▶ **WHAT IS EXPECTED**:
Start to finish, print the data below exactly, without the images.

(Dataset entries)
####################

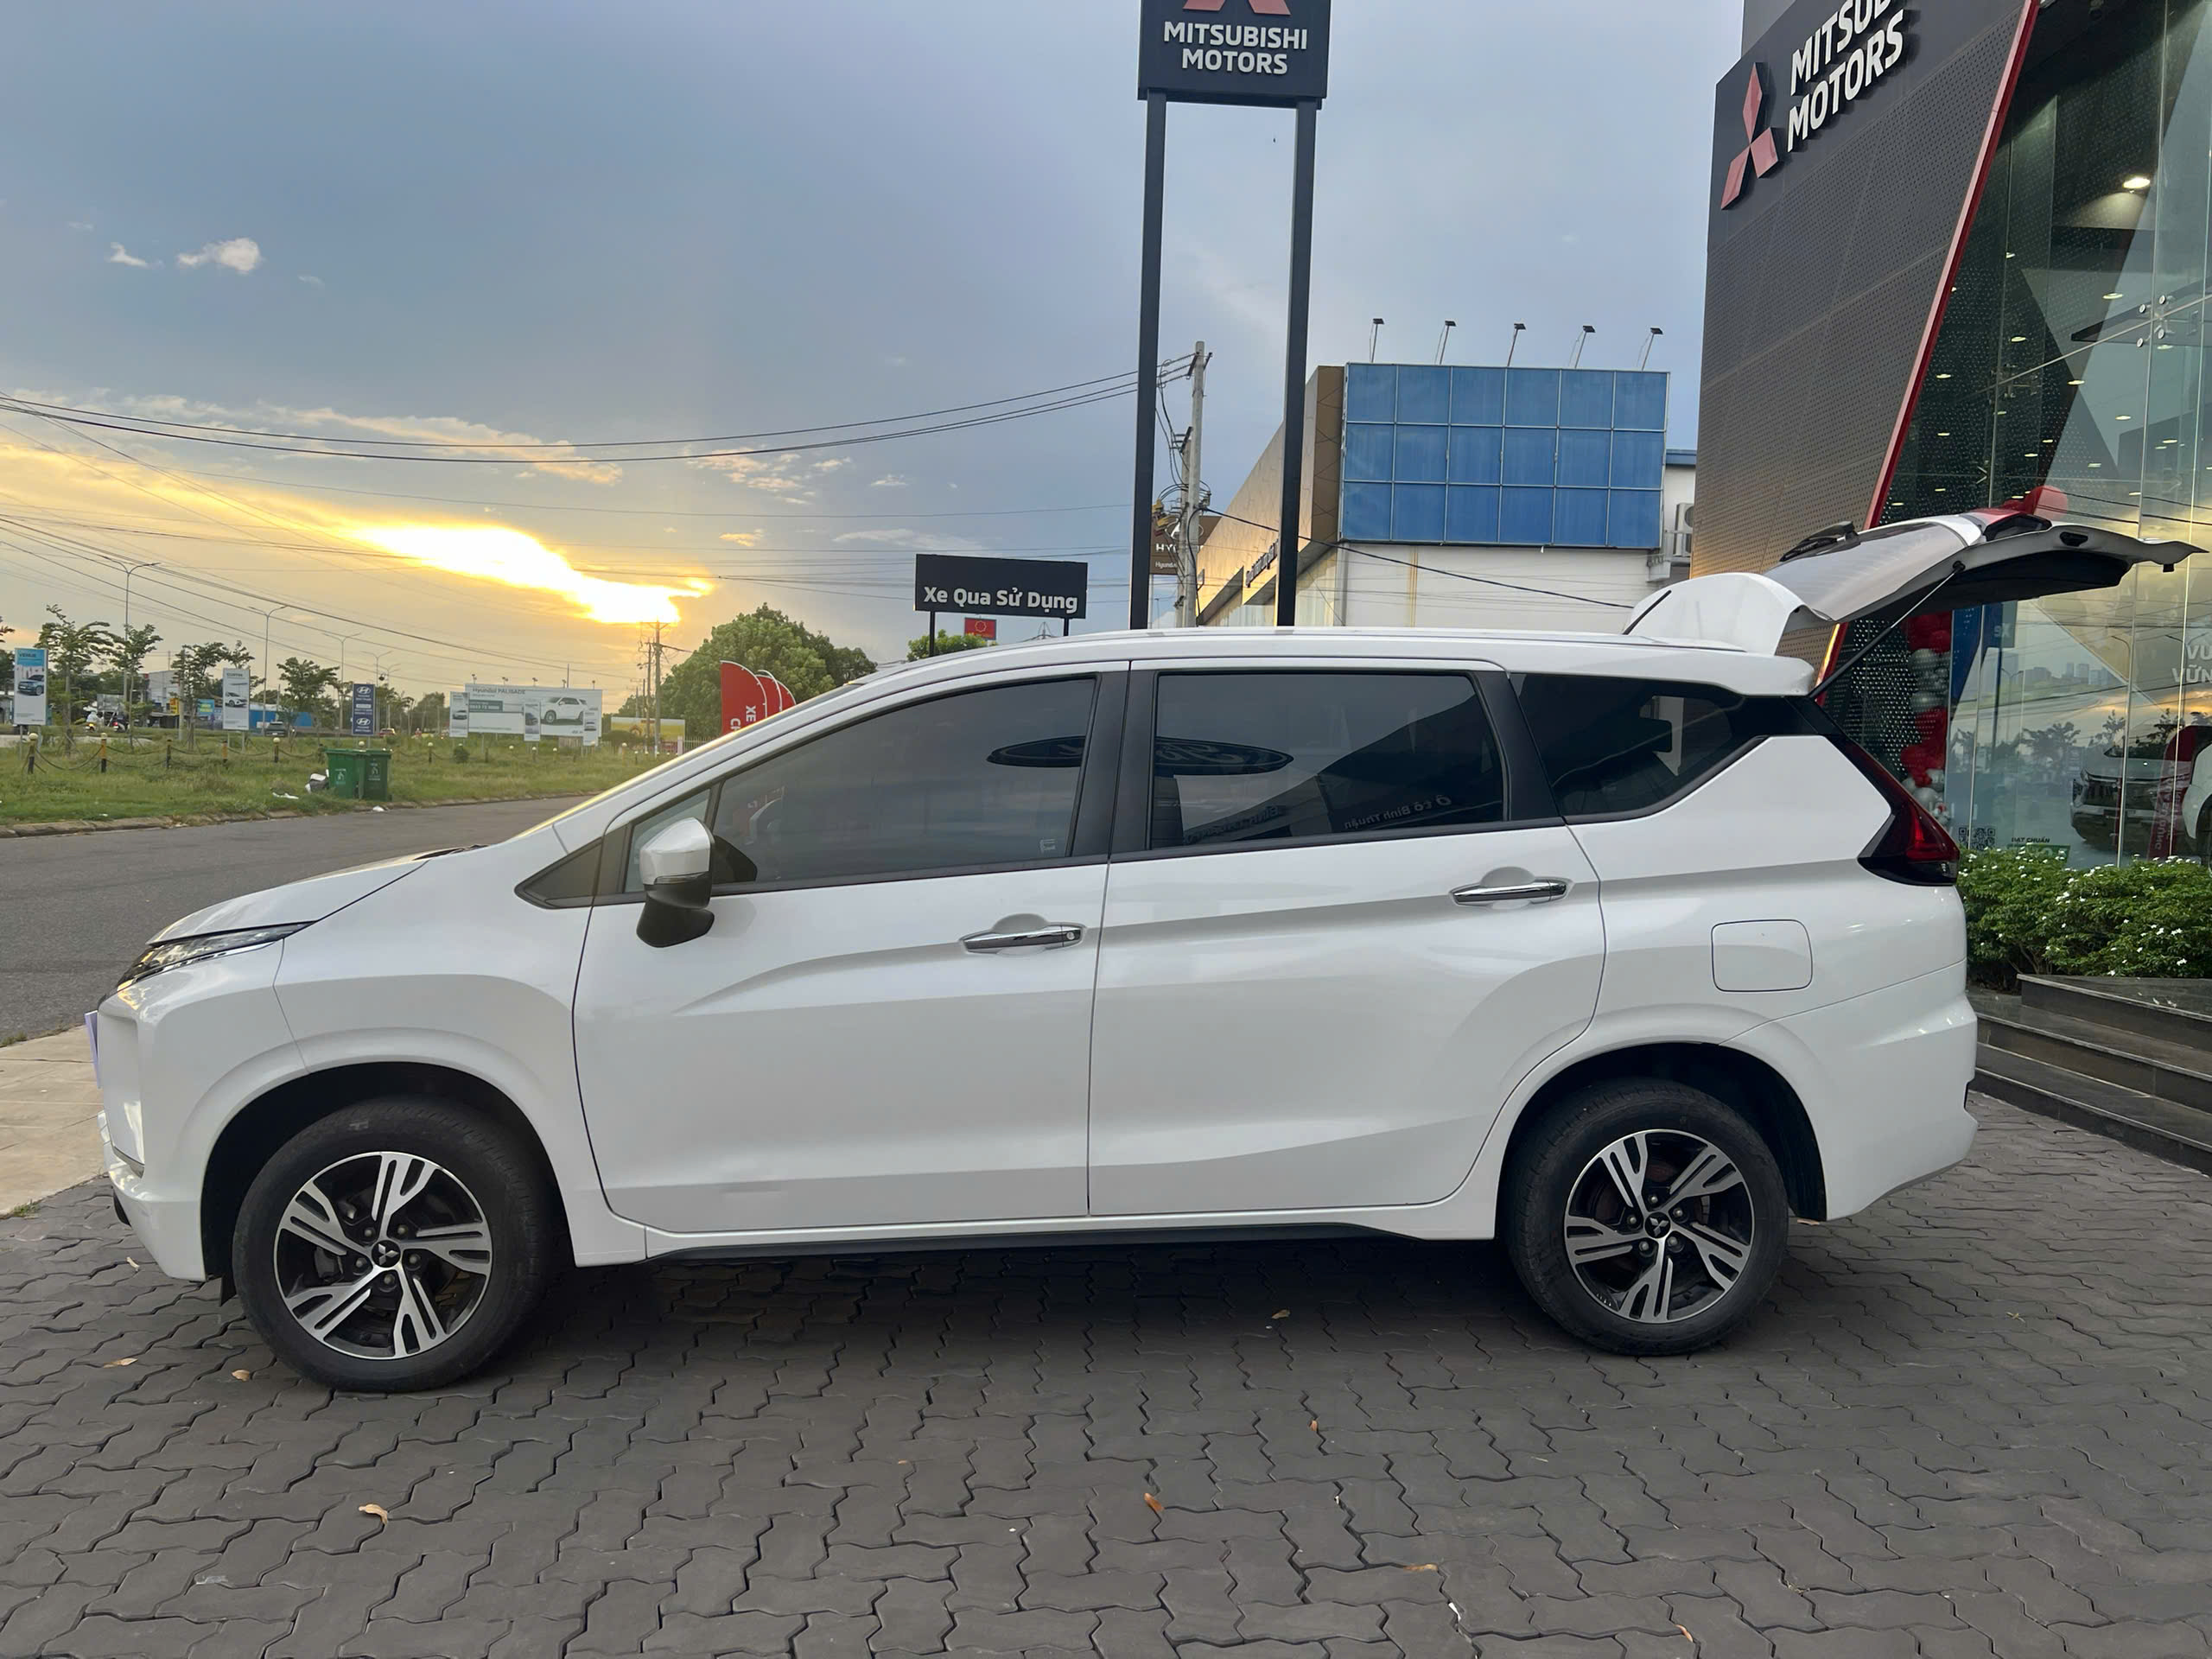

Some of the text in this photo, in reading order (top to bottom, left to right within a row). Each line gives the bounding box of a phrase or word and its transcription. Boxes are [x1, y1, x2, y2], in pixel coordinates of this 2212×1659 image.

[1163, 21, 1308, 49] MITSUBISHI
[1181, 48, 1288, 75] MOTORS
[1787, 9, 1904, 153] MOTORS
[923, 586, 1078, 613] Xe Qua Sử Dụng
[745, 705, 757, 722] XE
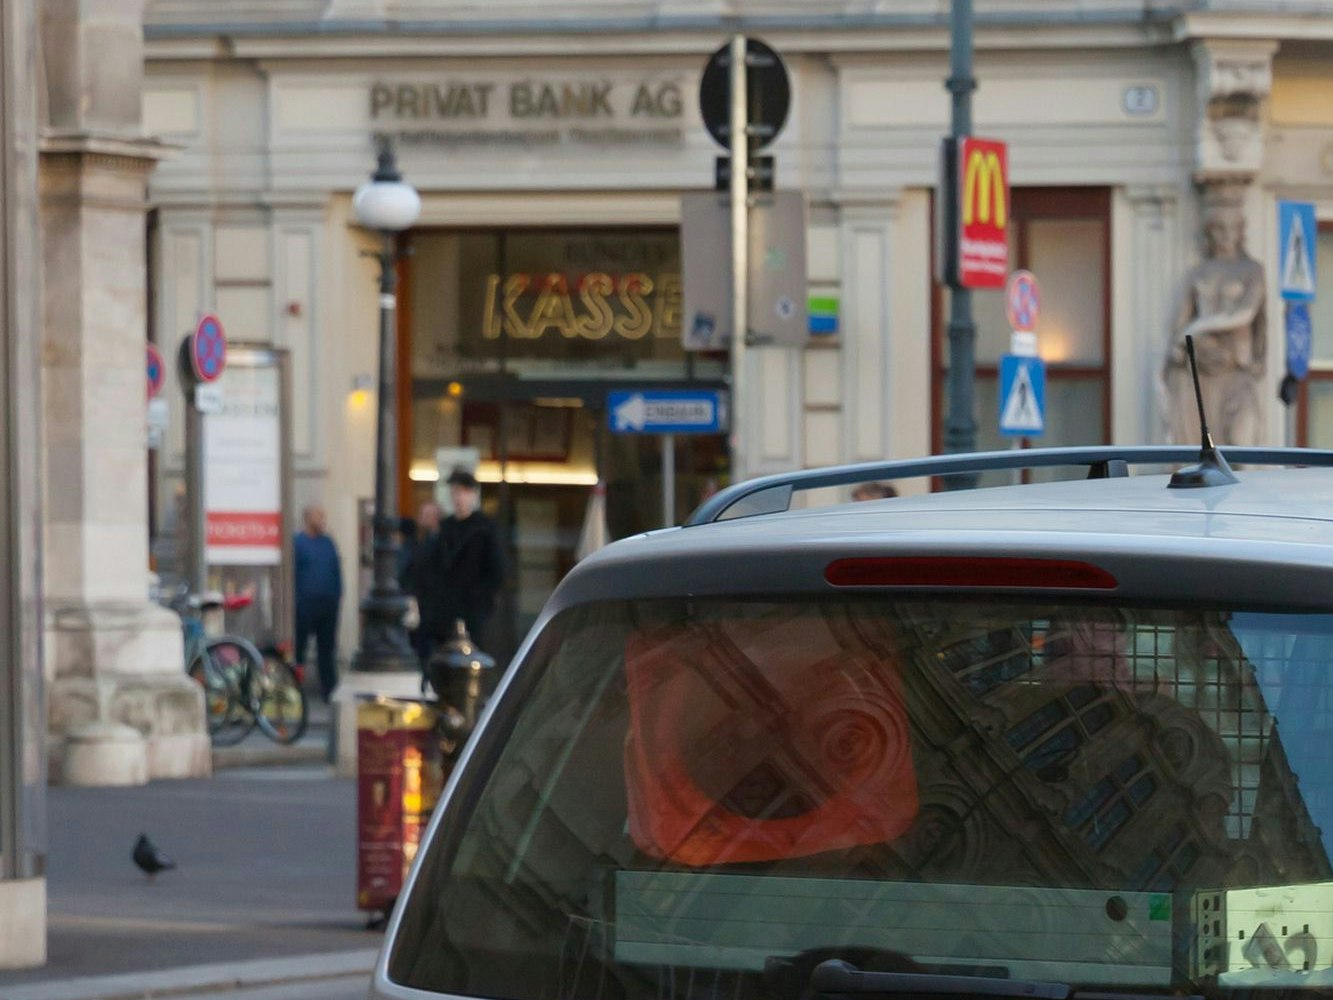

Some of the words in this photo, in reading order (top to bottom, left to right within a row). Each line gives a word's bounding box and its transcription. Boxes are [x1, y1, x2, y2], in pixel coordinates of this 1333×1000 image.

[371, 82, 494, 119] PRIVAT
[508, 82, 613, 119] BANK
[631, 83, 683, 119] AG
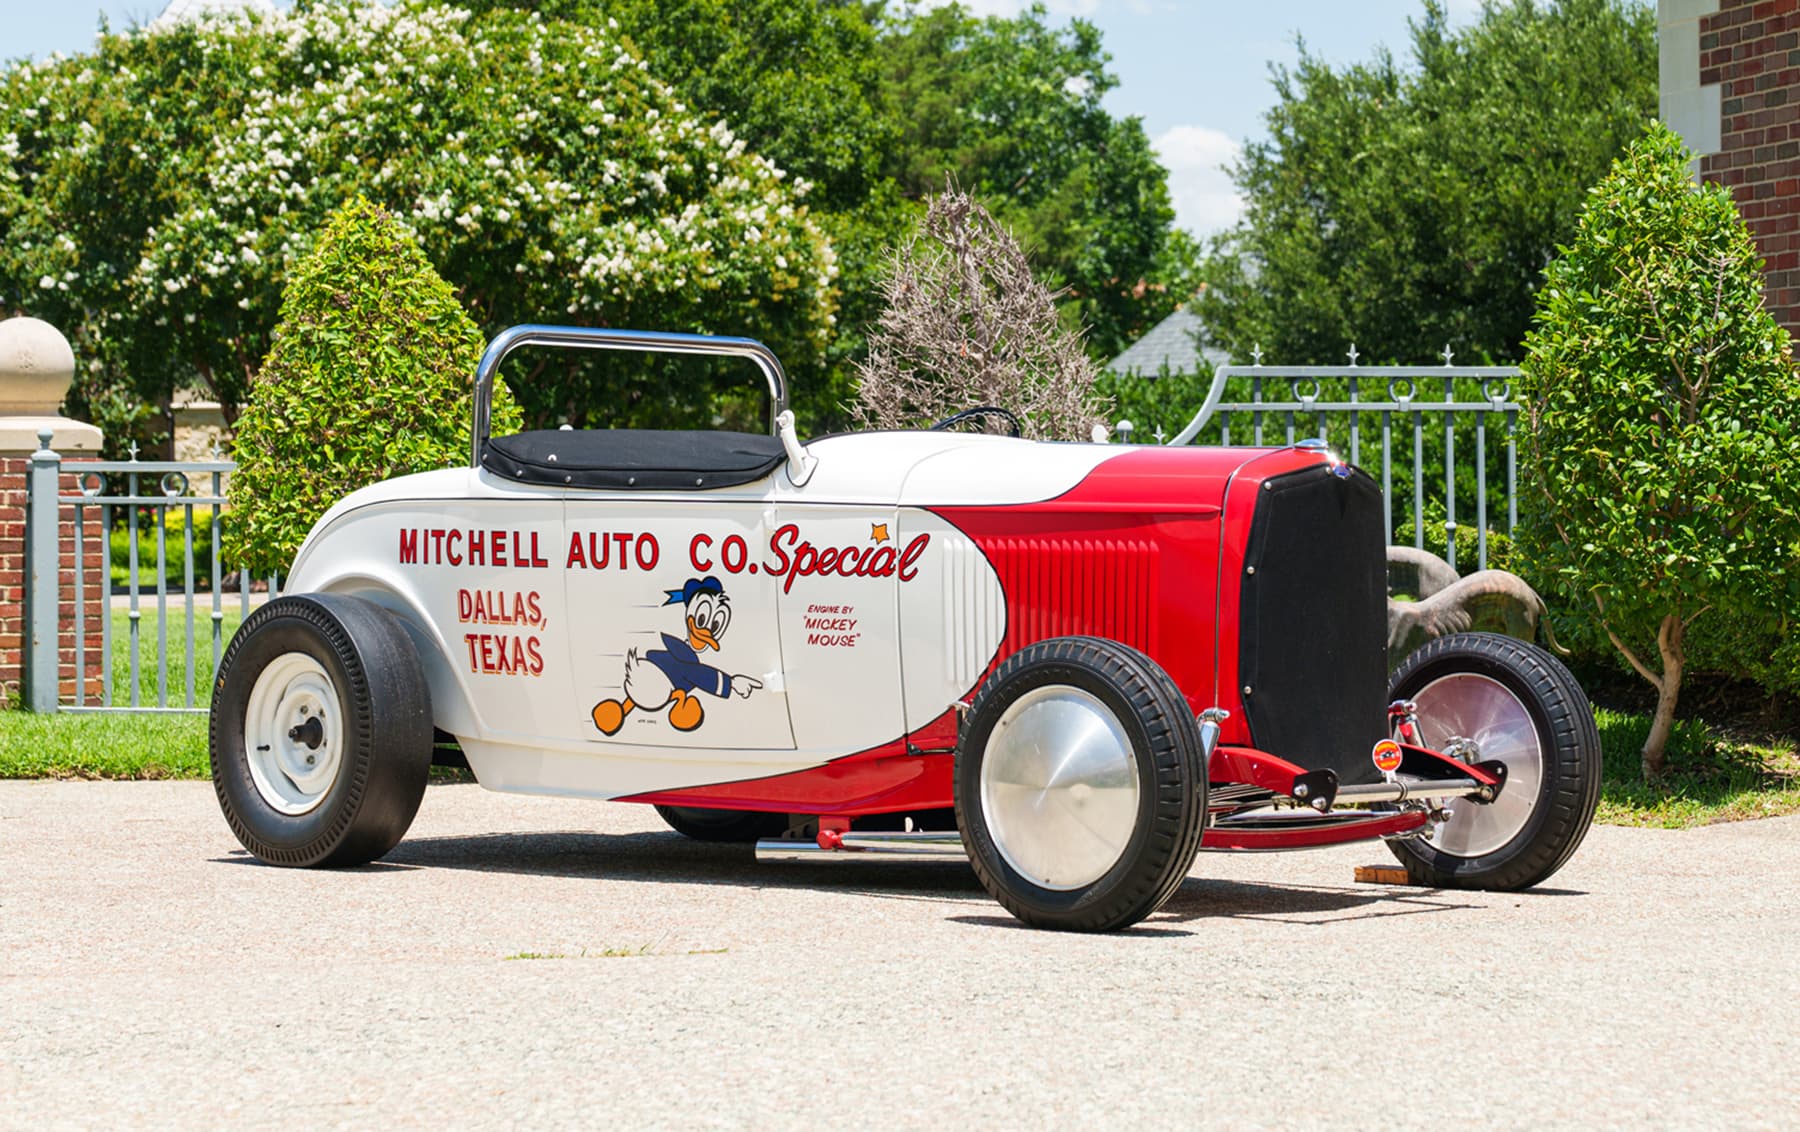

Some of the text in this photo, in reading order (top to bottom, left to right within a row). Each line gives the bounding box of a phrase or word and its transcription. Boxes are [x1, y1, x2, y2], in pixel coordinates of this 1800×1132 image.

[399, 524, 931, 594] MITCHELL AUTO CO. Special
[457, 588, 547, 631] DALLAS,
[807, 604, 854, 615] ENGINE BY
[464, 633, 544, 677] TEXAS

####################

▶ **RESULT OF THE TASK**:
Some of the text in this photo, in reading order (top to bottom, left to right within a row). Each line gives the bounding box of a phrase or word and its transcription. Boxes are [x1, y1, x2, y2], in pixel coordinates of this 2212×1659 image.

[1163, 21, 1308, 49] MITSUBISHI
[1181, 48, 1288, 75] MOTORS
[1787, 9, 1904, 153] MOTORS
[923, 586, 1078, 613] Xe Qua Sử Dụng
[745, 705, 757, 722] XE

Some of the words in this photo, in reading order (top to bottom, left to right within a row). Each line gives a word's bounding box and its transcription. Boxes are [x1, y1, x2, y2], in pixel coordinates of this 1333×1000 image.

[371, 82, 494, 119] PRIVAT
[508, 82, 613, 119] BANK
[631, 83, 683, 119] AG

Some of the text in this photo, in reading order (top to bottom, left to right within a row). Each line gives the bounding box of a phrase or word and its transcription. Boxes are [x1, y1, x2, y2], in pixel coordinates of this 1800×1132 image.

[399, 524, 931, 594] MITCHELL AUTO CO. Special
[457, 588, 547, 631] DALLAS,
[807, 604, 854, 615] ENGINE BY
[464, 633, 544, 677] TEXAS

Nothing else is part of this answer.